*** SUPPLIED MATERIAL ***

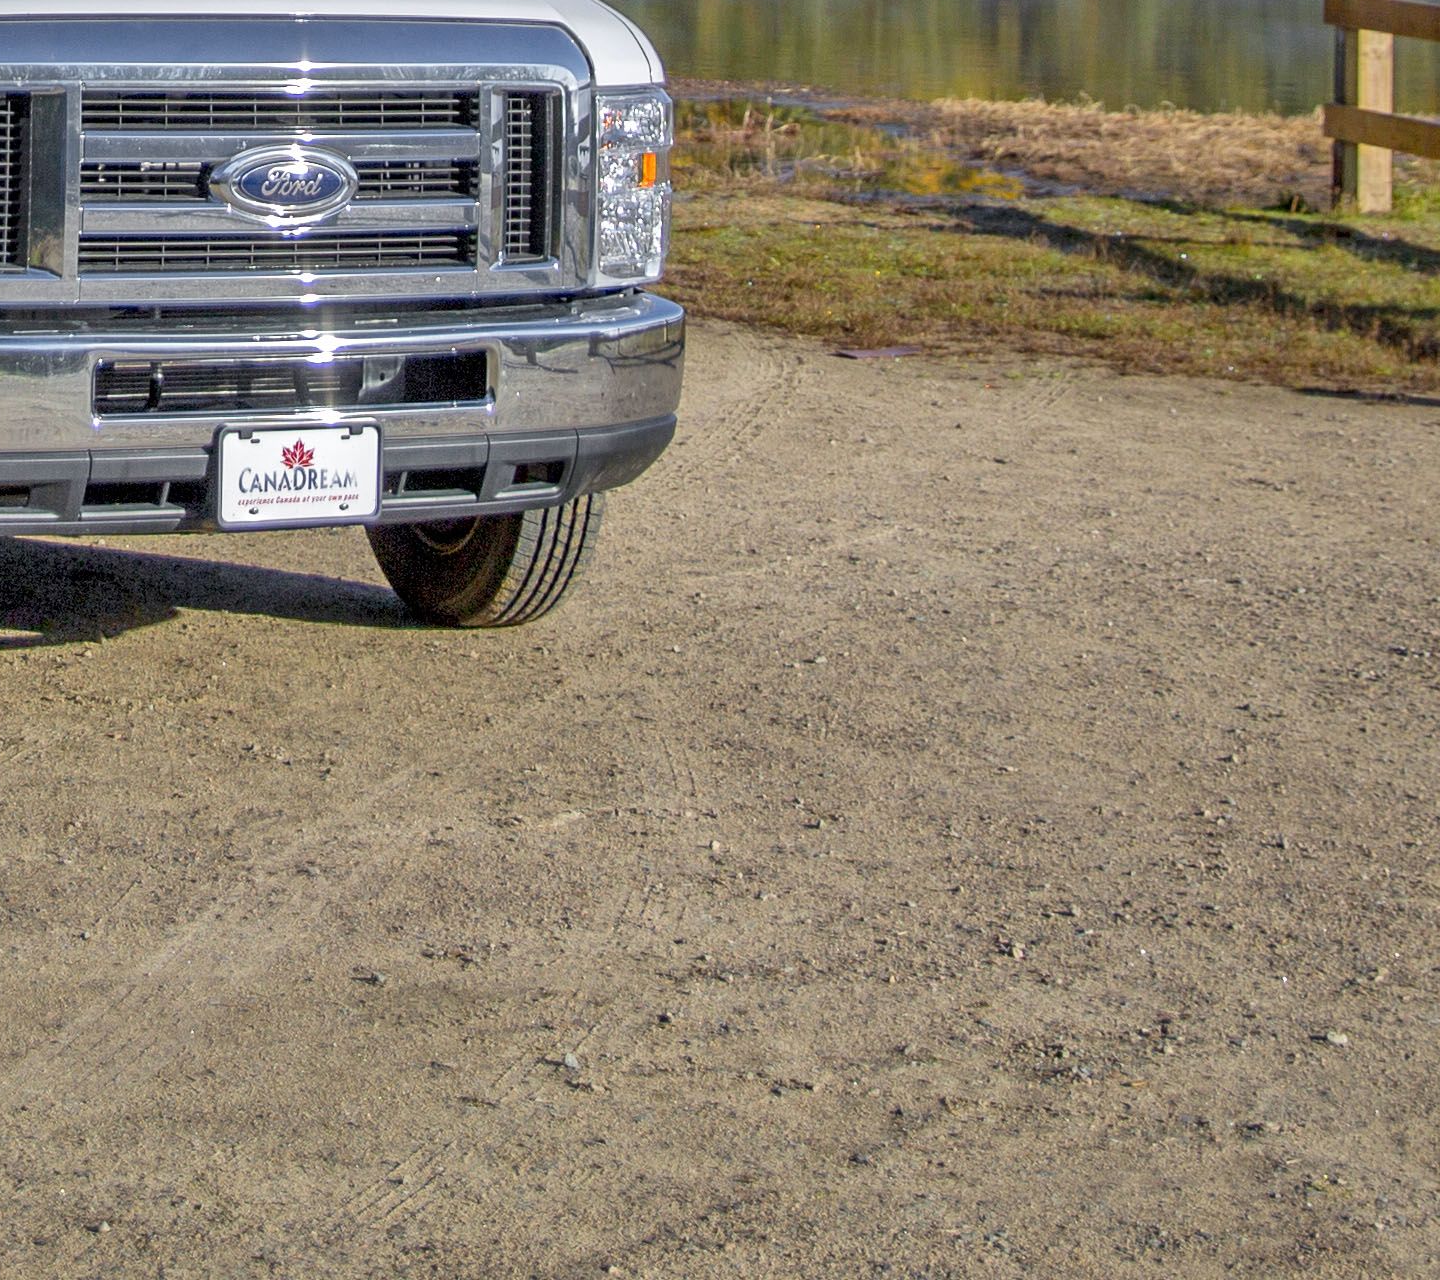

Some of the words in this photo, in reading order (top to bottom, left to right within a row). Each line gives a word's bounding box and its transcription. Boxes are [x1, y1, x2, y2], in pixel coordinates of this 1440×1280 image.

[261, 165, 324, 196] Ford
[238, 497, 275, 506] experience
[275, 495, 301, 504] Canada
[302, 494, 311, 503] at
[311, 494, 327, 503] your
[328, 493, 343, 501] own
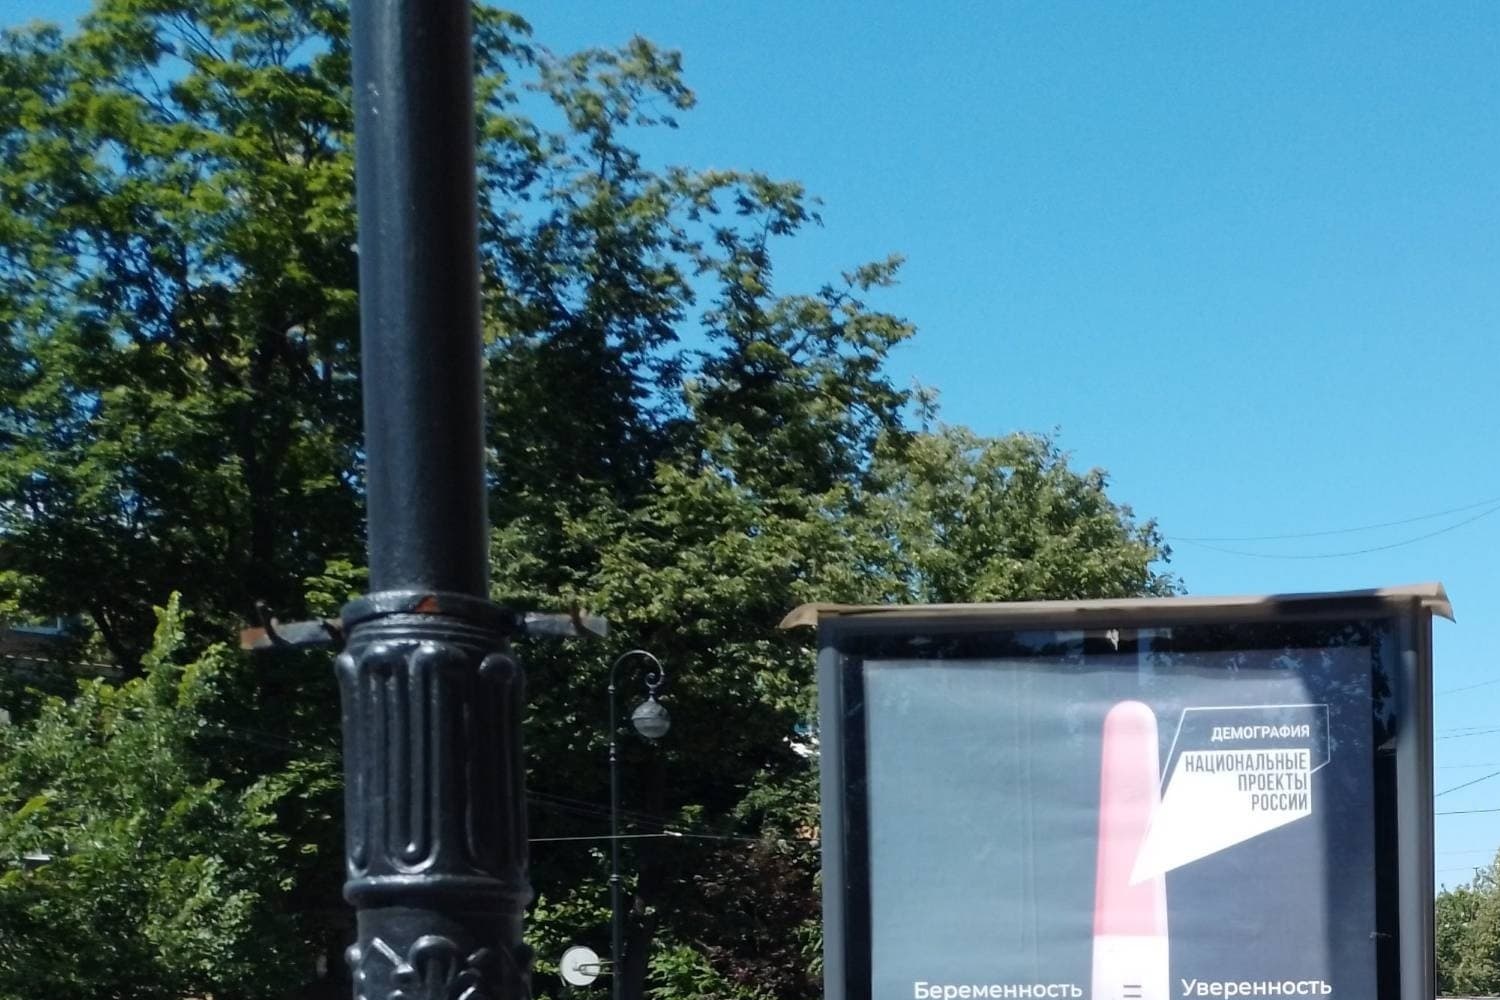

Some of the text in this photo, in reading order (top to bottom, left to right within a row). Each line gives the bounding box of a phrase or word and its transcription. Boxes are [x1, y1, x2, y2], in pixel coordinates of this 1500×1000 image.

[1211, 724, 1310, 742] ДЕМОГРАФИЯ
[1185, 752, 1307, 774] НАЦИОНАЛЬНЫЕ
[1238, 773, 1307, 791] ПРОЕКТЫ
[1251, 793, 1308, 811] РОССИИ
[1181, 978, 1333, 1000] Уверенность
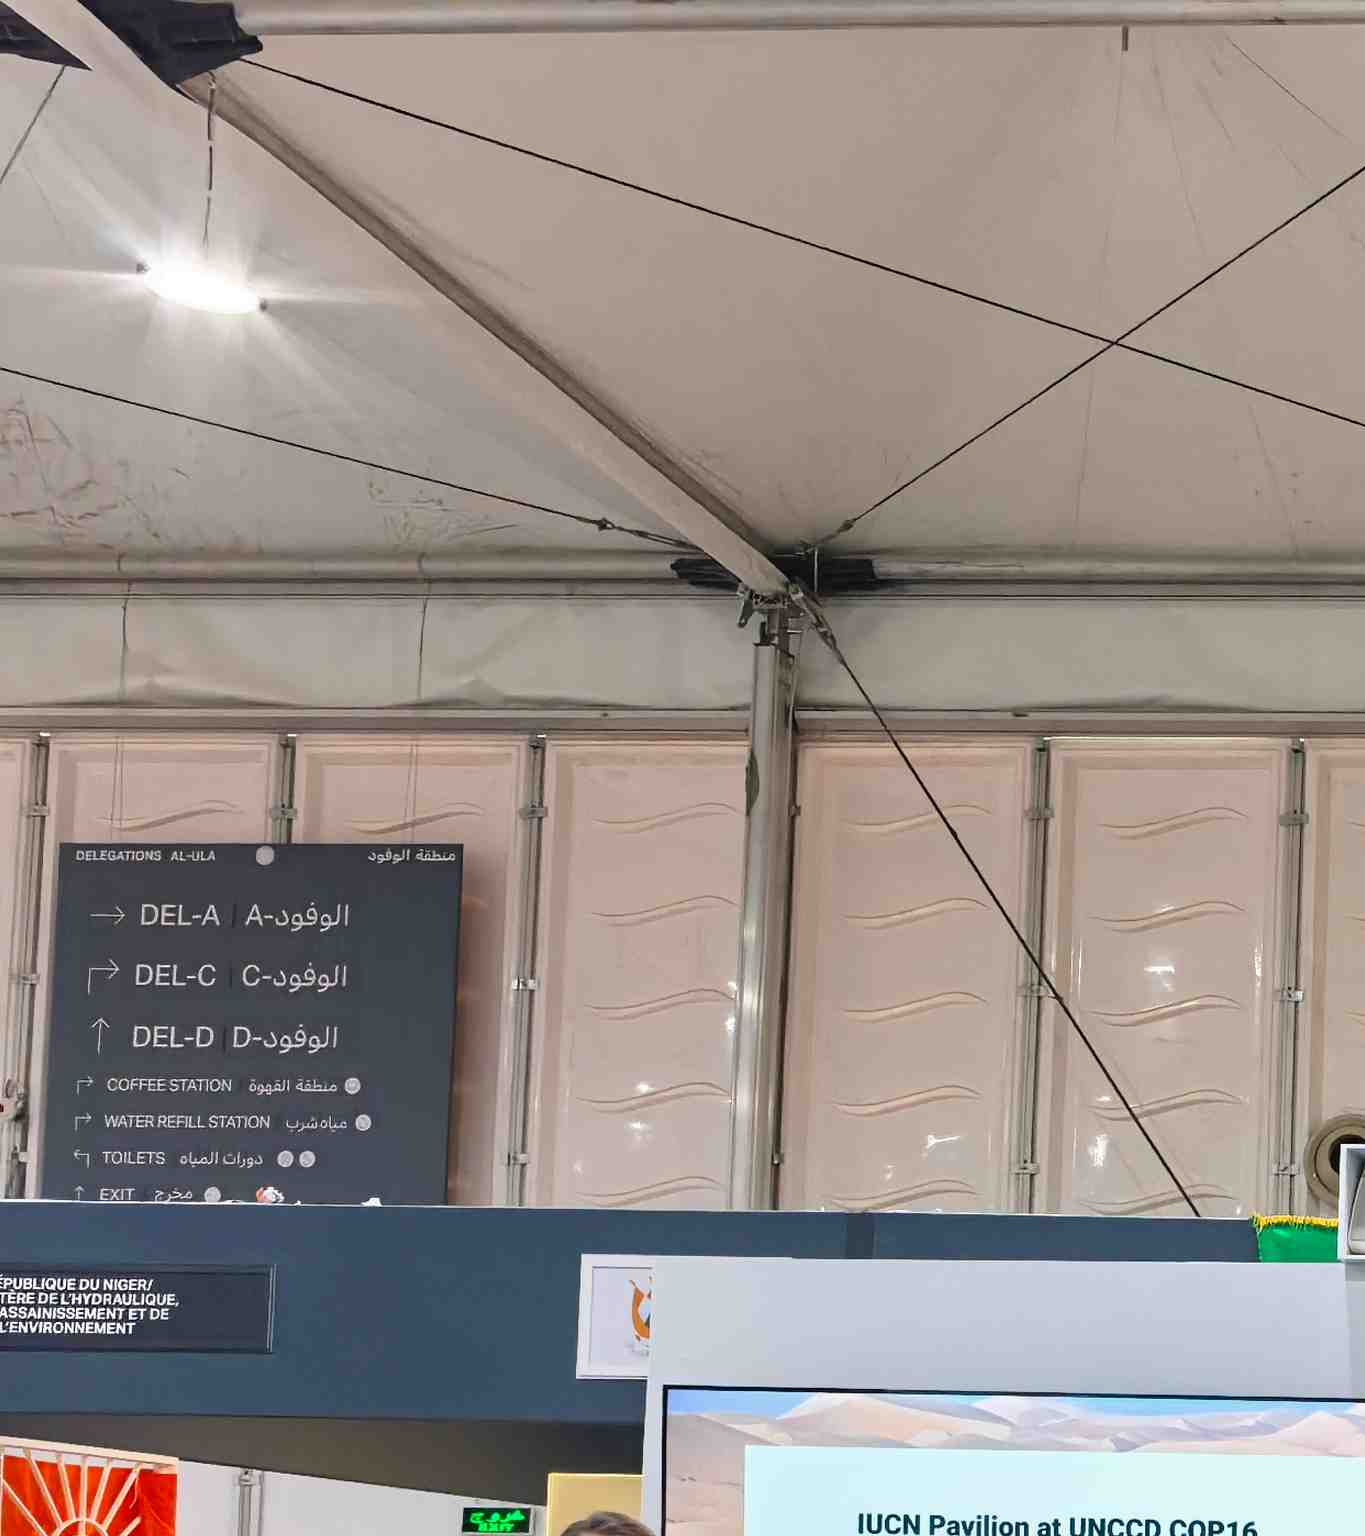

*** End of SUPPLIED MATERIAL ***

**WHAT IS REQUIRED**
Retype word for word the span of lines above that begins with the line containing "Some of the text" and ends with the last line of the records; skip all pictures.

**TASK ANSWER**
Some of the text in this photo, in reading order (top to bottom, left to right within a row). Each line gives the bounding box of a phrase or word and its transcription. Boxes are [x1, y1, x2, y2], in pixel coordinates of this 1500×1000 image.

[1211, 724, 1310, 742] ДЕМОГРАФИЯ
[1185, 752, 1307, 774] НАЦИОНАЛЬНЫЕ
[1238, 773, 1307, 791] ПРОЕКТЫ
[1251, 793, 1308, 811] РОССИИ
[1181, 978, 1333, 1000] Уверенность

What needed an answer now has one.